Questa è la testimonianza raccolta dal meridionalista Gaetano Salvemini viaggiando in treno con un piemontese molti decenni prima della nascita della Lega. Ennesima prova che il razzismo contro meridionali e siciliani iniziato nel 1860 non è mai finito. E continua ancora, in alcuni casi dissimulato, in altri casi palese
“Ieri come oggi (e forse oggi più di ieri), le piaghe nazionali sanguinavano: erano (e sono) le piaghe della ingiustizia sociale, della discriminazione, dei privilegi, della corruzione “centralizzata” e del razzismo pre-leghista”.
“In questi anni – scrisse Gaetano Salvemini – abbiam visto la mafia, la camorra, la malavita, tutta la feccia sociale dei nostri paesi, palesemente protetta dal Governo centrale…abbiam visto massacrare senza pietà i nostri proletari ad ogni minimo accenno di disordine, mentre al Nord la forza pubblica aveva per gli operai mille riguardi e mille tolleranze, come ben si addice a persone che appartengono a una razza più gentile”.
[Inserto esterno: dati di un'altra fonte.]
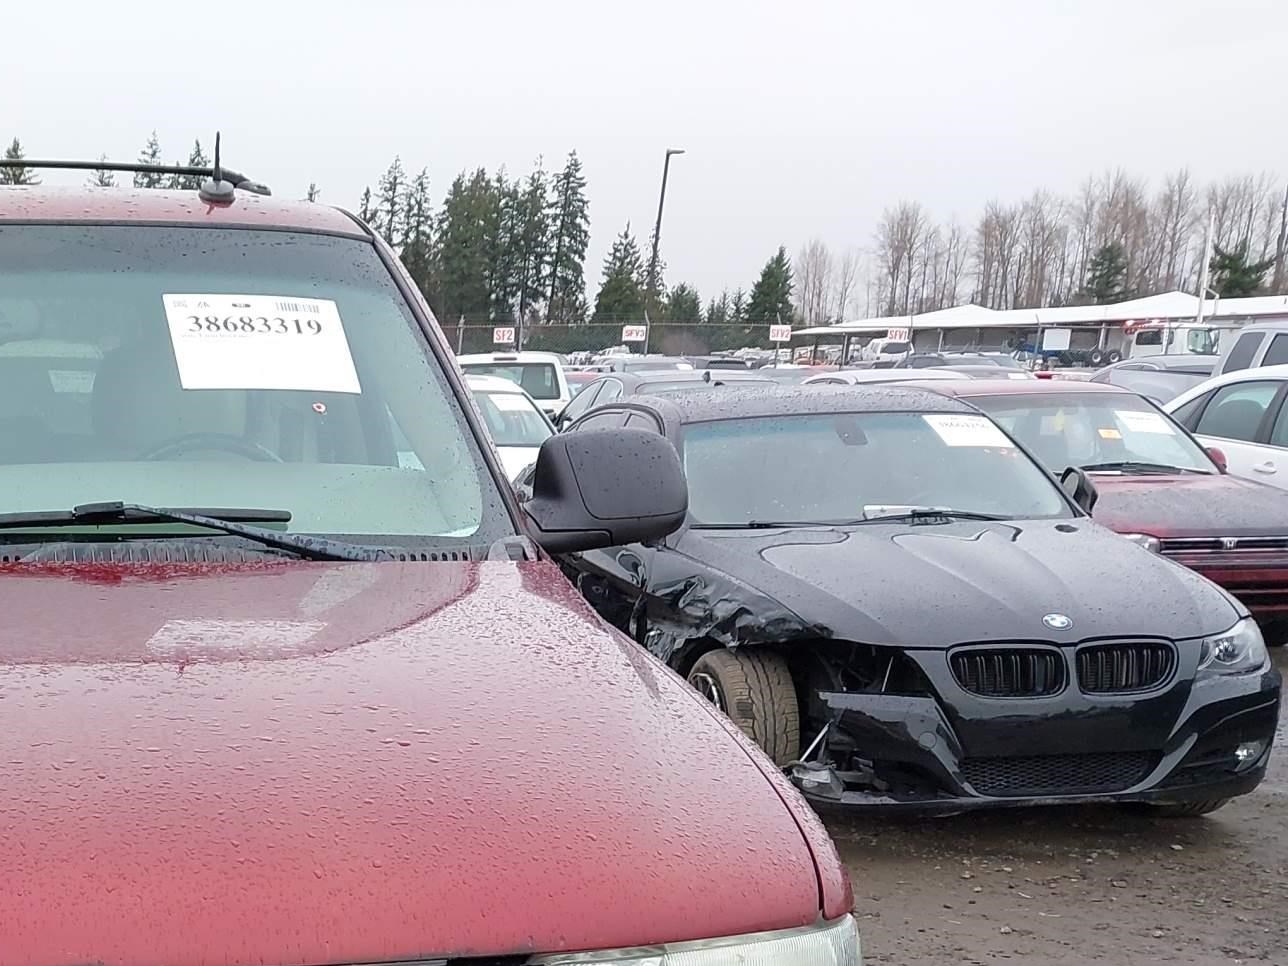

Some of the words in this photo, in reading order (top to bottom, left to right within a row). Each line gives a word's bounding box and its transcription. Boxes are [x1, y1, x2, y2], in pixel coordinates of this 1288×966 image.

[187, 315, 322, 335] 38683319
[495, 329, 513, 341] SF2
[625, 328, 645, 338] SFV3
[771, 328, 790, 339] SFV2
Era quella “razza più gentile” che ostentava, come narra Salvemini descrivendo un viaggio in treno con un piemontese, tutti i sentimenti di più viscerale disprezzo verso i “fratelli” del Sud:
“Postacci”, brontolava osservando i villaggi del Sud, aggiungendo: “Creda pure che qui non ci si vive…aria cattiva, acqua pessima, dialetto incomprensibile che par turco, popolazione superstiziosa e barbara”.
E dunque, “per molti settentrionali” chiosava affranto il Salvemini, “anche fra coloro che più spesso fanno sfoggio di retorica unitaria, le popolazioni meridionali sono cagnaccia da macello e da bordello”.
Antonio Grano A sinistra della Questione Meridionale – NordeSud Edizioni, pag. 123 – 124.